Oklahoma Stumbles on Sharia

November 11, 2010

You may have heard that Oklahoma voters approved an amendment to their state constitution that prohibits state courts from considering or applying Sharia—that body of legal norms based on Islamic teaching. However, the other day a federal court issued an injunction preventing the amendment from going into effect . A review of the background for this amendment and the court’s opinion provides further proof that the Religious Right does not understand the significance of the Establishment Clause and the importance of the separation of church and state.

There have been a few misguided attempts in various Western countries to have Sharia accepted as a basis for some legal decisions. Most notoriously, a couple of years ago, the Archbishop of Canterbury argued that the British justice system should accept plural jurisdiction, with Muslims being able to choose whether some legal disputes could be resolved in secular courts or Sharia courts. The archbishop was roundly denounced for this suggestion and the proposal went nowhere. It deserved a quick death. It is a cornerstone of Western jurisprudence that there is one justice system that applies to everyone, and that justice system is secular in nature. It is not designed to be consistent with or to enforce religious dogma. Giving official recognition to Sharia courts would be a pernicious development. In the United States, it also would be an undeniable violation of the Establishment Clause of the First Amendment.
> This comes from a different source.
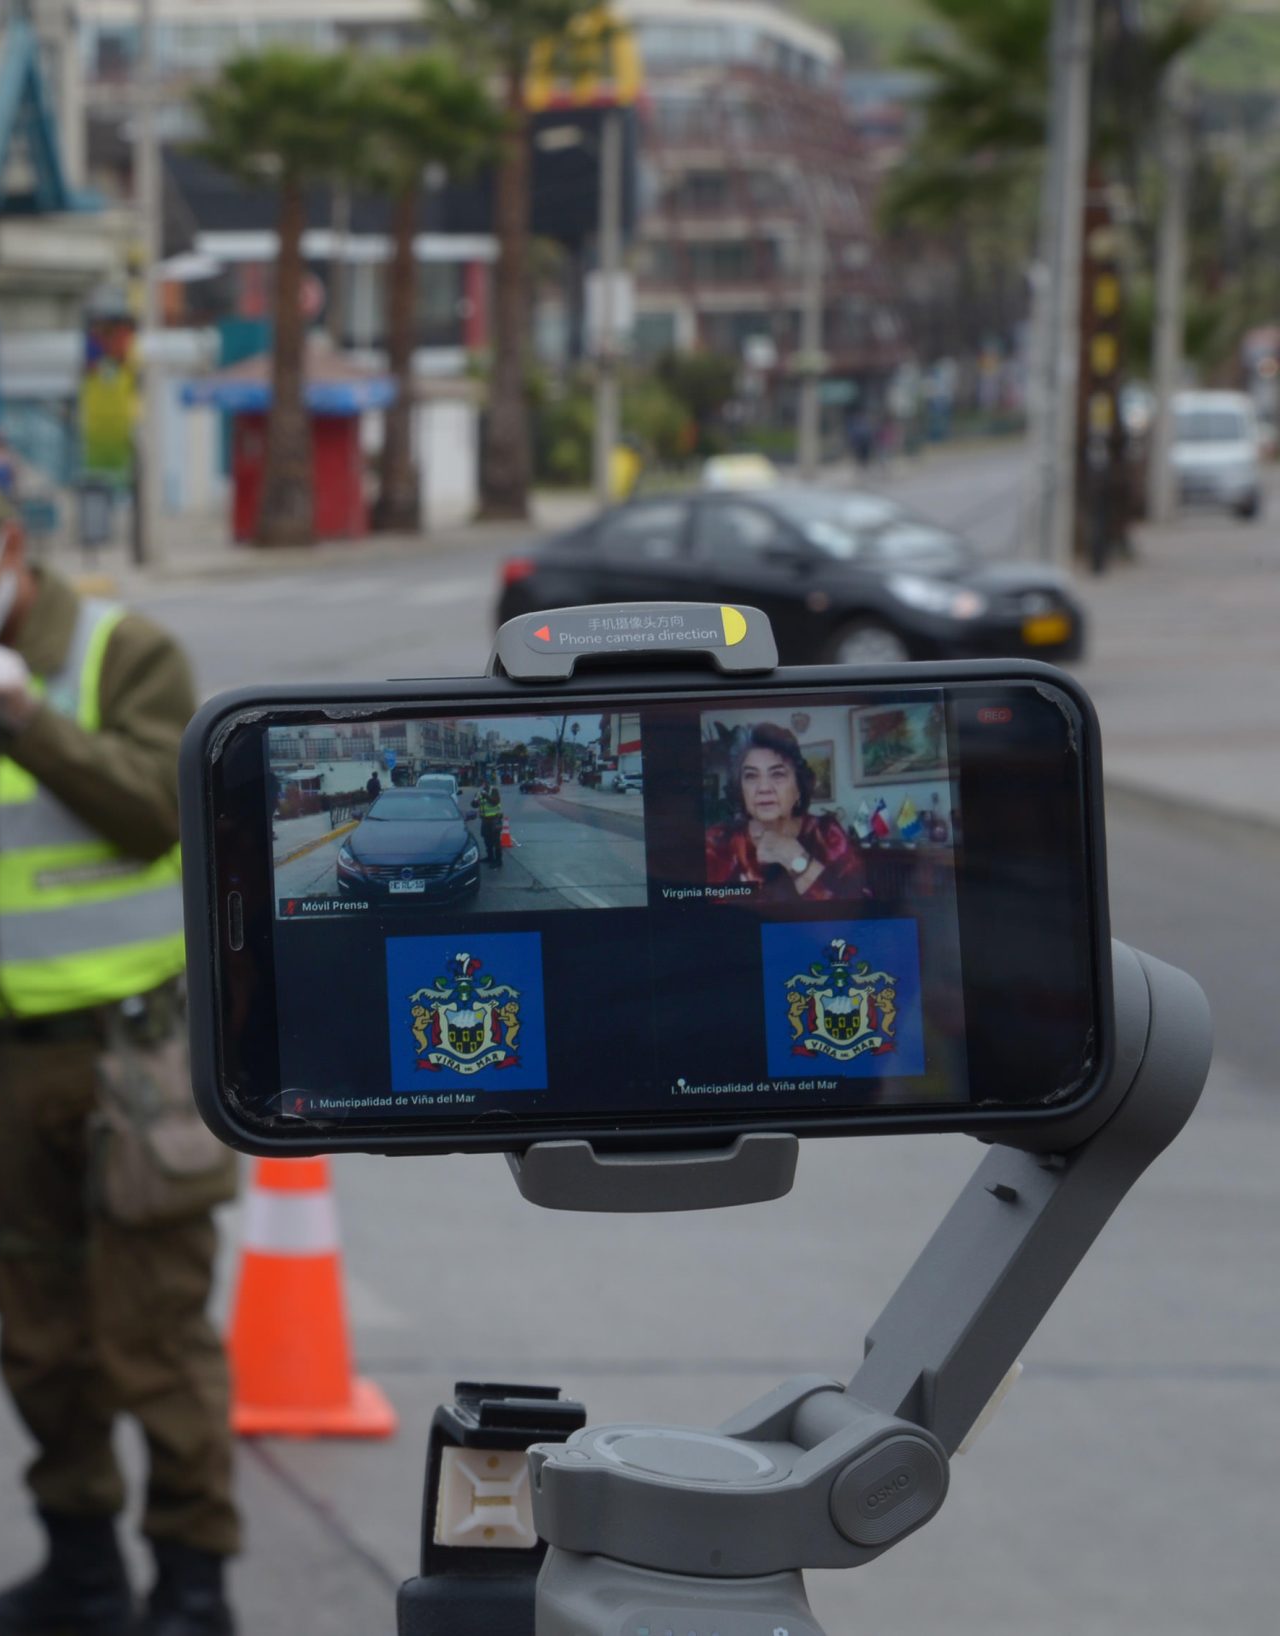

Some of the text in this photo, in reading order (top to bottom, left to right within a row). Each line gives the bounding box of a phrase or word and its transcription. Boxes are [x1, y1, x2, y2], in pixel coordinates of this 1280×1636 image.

However, Oklahoma is not exactly a hotbed of Muslim activism, nor has there been any push in that state to have Sharia accepted as a parallel legal system. At best, therefore, the proposed constitutional amendment was premature. In addition, the intent of the proposed constitutional was suspect given that its principal proponent argued that the amendment was needed to ensure that Oklahoma courts were not used to undermine the “Judeo-Christian principles” on which the nation was founded. This indicated the proposed amendment had a sectarian motive. Finally, the measure was overbroad. The proposed amendment did not limit itself to forbidding courts from using Sharia as the basis for decision, but instead prohibited courts from even “considering” Sharia.

Courts can consider a lot of things when arriving at a decision, including, occasionally, literature and history, and sometimes they have reason to consider religious practices, not because religious doctrine provides the justification for the decision, but because a particular religious practice may provide the factual background necessary for an appropriate decision.
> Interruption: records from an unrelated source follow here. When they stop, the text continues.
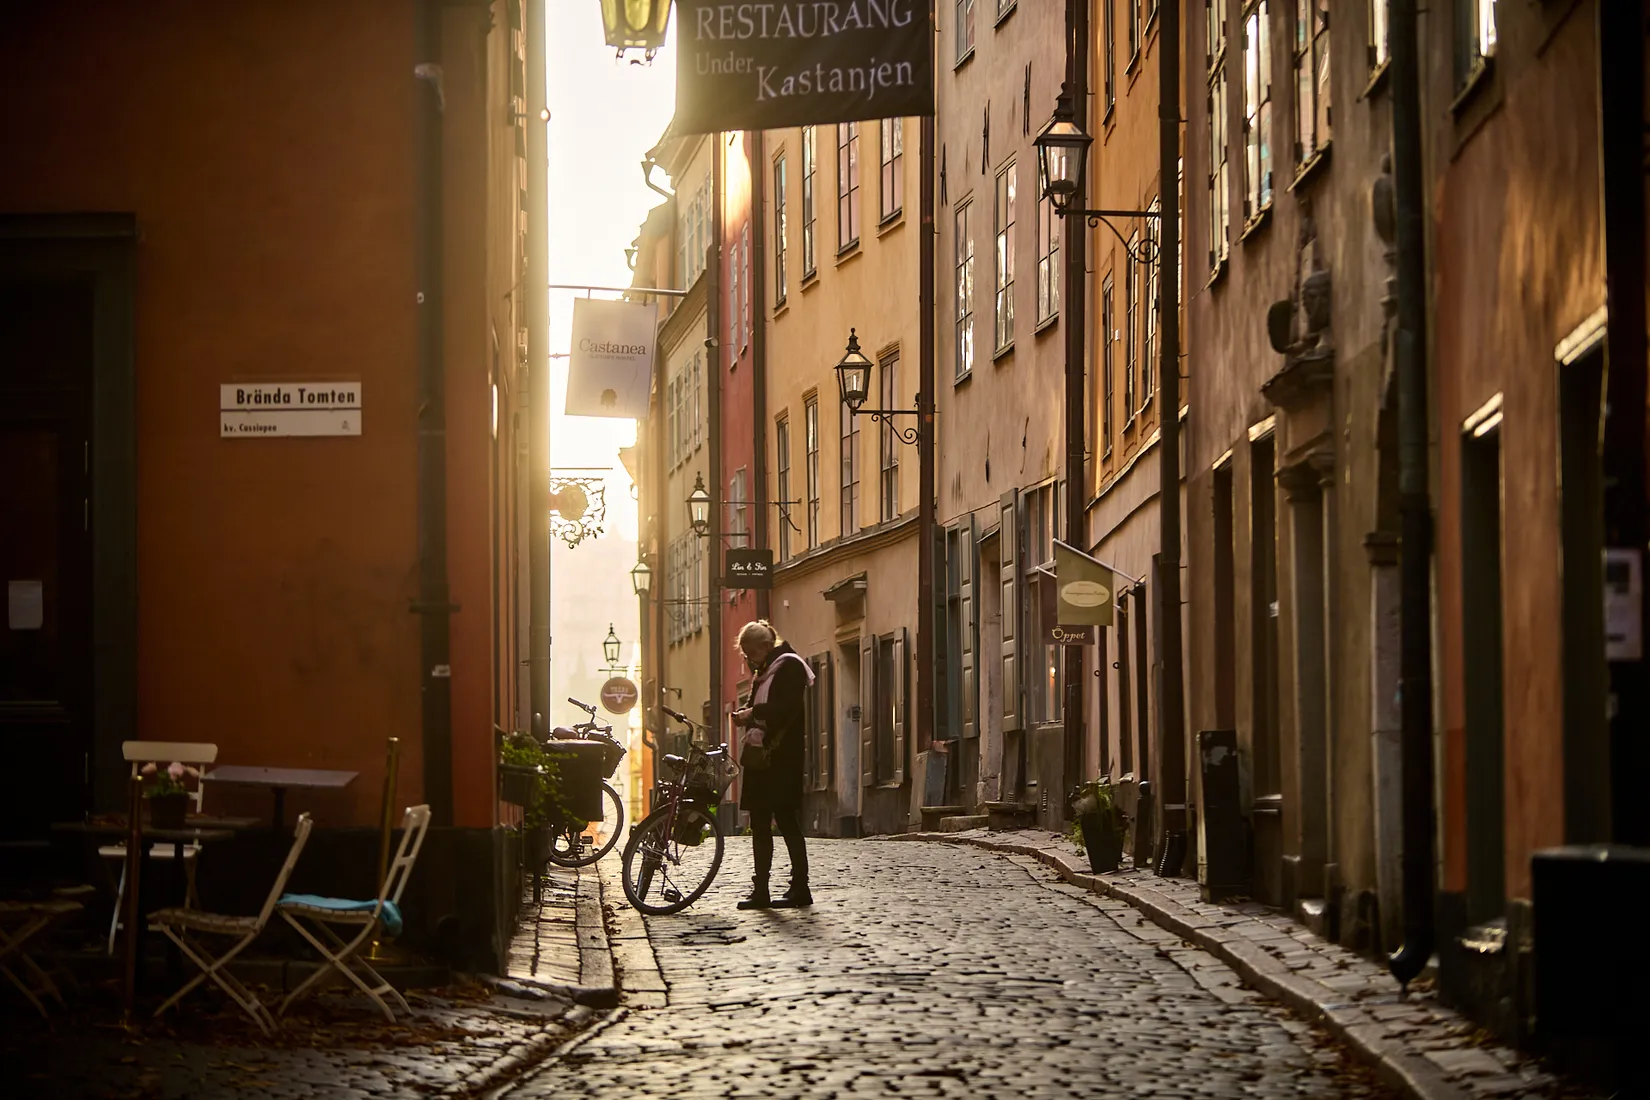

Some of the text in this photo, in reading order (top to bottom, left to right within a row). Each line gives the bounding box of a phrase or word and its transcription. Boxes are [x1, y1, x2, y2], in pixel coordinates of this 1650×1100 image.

[695, 0, 913, 41] RESTAURANG
[696, 51, 914, 101] Under Kastanjen
[579, 338, 647, 355] Castanea
[236, 387, 355, 404] Brända Tomten
[224, 422, 277, 433] kv. Cassiopea
[1052, 625, 1086, 643] Öppet
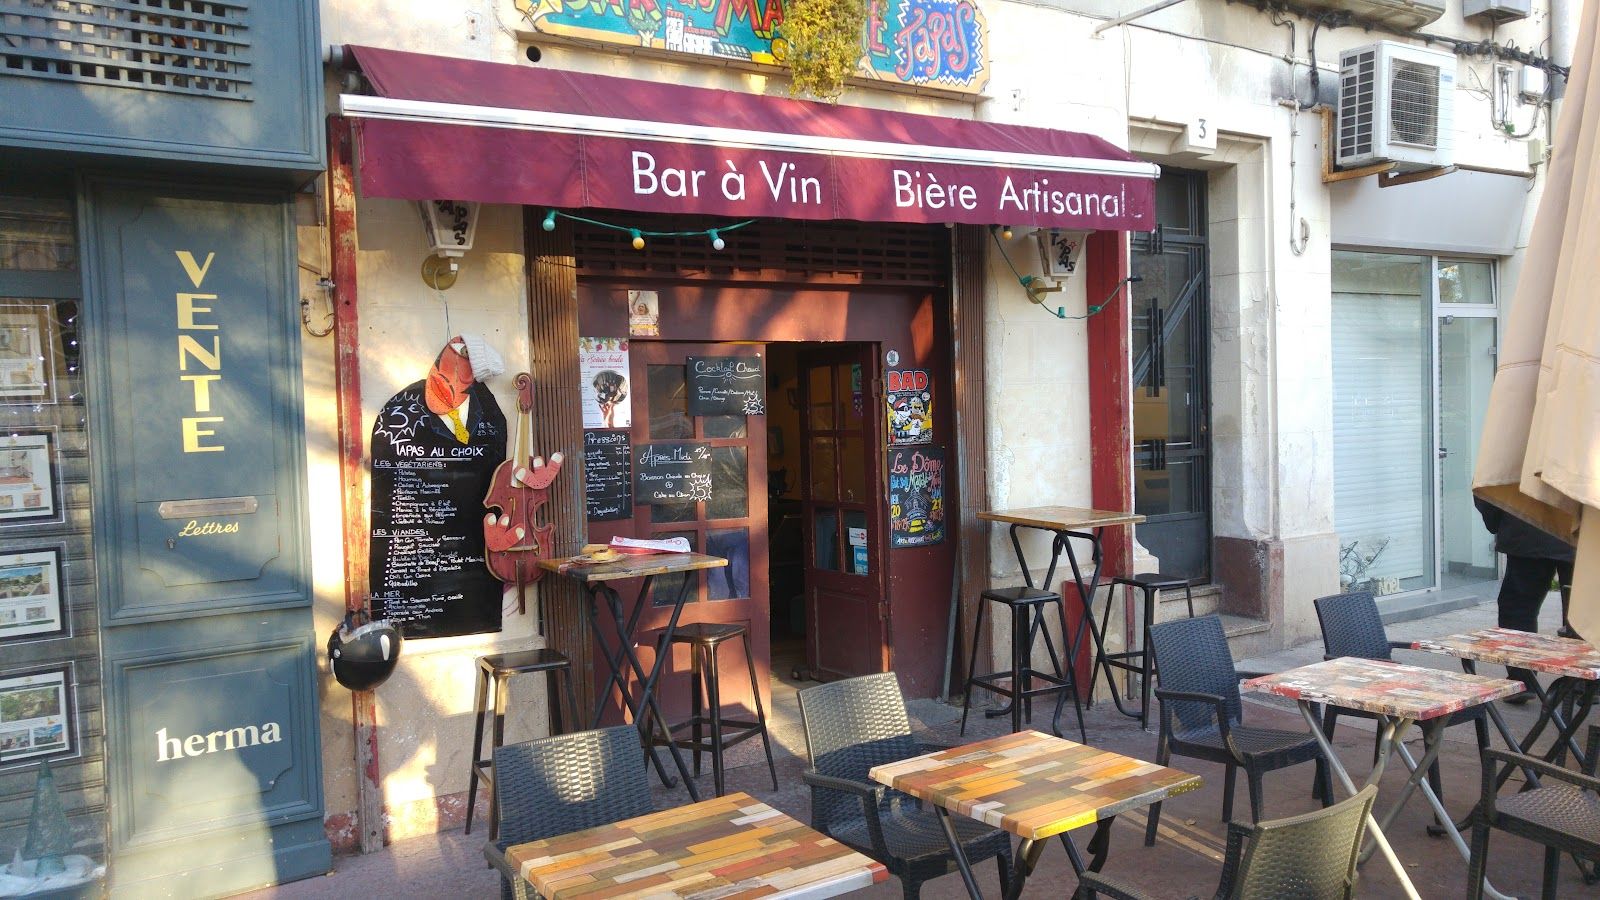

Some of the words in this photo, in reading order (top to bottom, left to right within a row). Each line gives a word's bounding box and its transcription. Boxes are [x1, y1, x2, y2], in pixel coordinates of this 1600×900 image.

[1198, 118, 1207, 140] 3
[631, 150, 706, 197] Bar
[721, 159, 746, 201] à
[759, 160, 822, 205] Vin
[893, 169, 978, 210] Bière
[434, 200, 469, 246] APAS
[175, 250, 225, 452] VENTE
[887, 370, 929, 393] BAD
[430, 447, 445, 457] AU
[178, 519, 240, 538] Lettres
[154, 720, 282, 763] herma
The plaintiff in the Oklahoma case argued precisely that point, alleging that his will contained various references to Sharia and that a probate court would need to consider Sharia to ensure the will was interpreted properly. The federal court agreed. Furthermore, the court found that the proposed amendment did not have a legitimate secular purpose, as it appeared designed to give a government endorsement to Judeo-Christian views over Muslim views.

The proposed amendment has proven to be pointless and counter-productive. There was no effort in Oklahoma to have Sharia accepted as the basis for decisional law—and as long as the Establishment Clause is enforced, such an effort would have come to naught anyway. Moreover, now the Muslim community can argue it has been singled out for discrimination, which is a claim not entirely without factual support.
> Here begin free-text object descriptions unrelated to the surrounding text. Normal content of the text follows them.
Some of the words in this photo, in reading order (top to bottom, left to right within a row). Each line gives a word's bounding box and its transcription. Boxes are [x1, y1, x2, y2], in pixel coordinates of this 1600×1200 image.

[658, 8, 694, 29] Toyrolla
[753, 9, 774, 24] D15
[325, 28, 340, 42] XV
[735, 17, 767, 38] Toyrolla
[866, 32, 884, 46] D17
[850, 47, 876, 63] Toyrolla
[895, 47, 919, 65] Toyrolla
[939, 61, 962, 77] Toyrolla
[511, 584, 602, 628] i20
This fiasco has resulted from the Religious Right’s fundamentally flawed belief that the U.S. is a Christian (or Judeo-Christian) nation, and that the purpose of the Establishment Clause is effectively limited to preventing the federal government from favoring one Christian sect over another. Their own warped view of the Establishment Clause prevents them from understanding that, properly interpreted, it is sufficient to prevent the nation’s courts from using the doctrine of any religion as the basis for a decision. There is no need for additional constitutional provisions at the state level. But, of course, the Religious Right does not want a government that is neutral in religious matters—they simply don’t want Islam to have the same status as Christianity.

The only reliable guarantor of religious freedom for all is a secular state that leaves religious matters entirely in the hands of individual believers and nonbelievers. And if we only respected the intent of the Establishment Clause, we would have that secular state already.

Comments:

#1 dogon on Friday November 12, 2010 at 11:06pm

Very well written.

Religious thinking has until recently infiltrated American government at all levels to a point that neither religious nor secular citizens could be sure that they had been served justly.  I hope that articles like this one can begin to sort out this confused type of thinking.  True neutrality is the only way to establish justice which has been denied to many outside the Judeo-Christian belief system.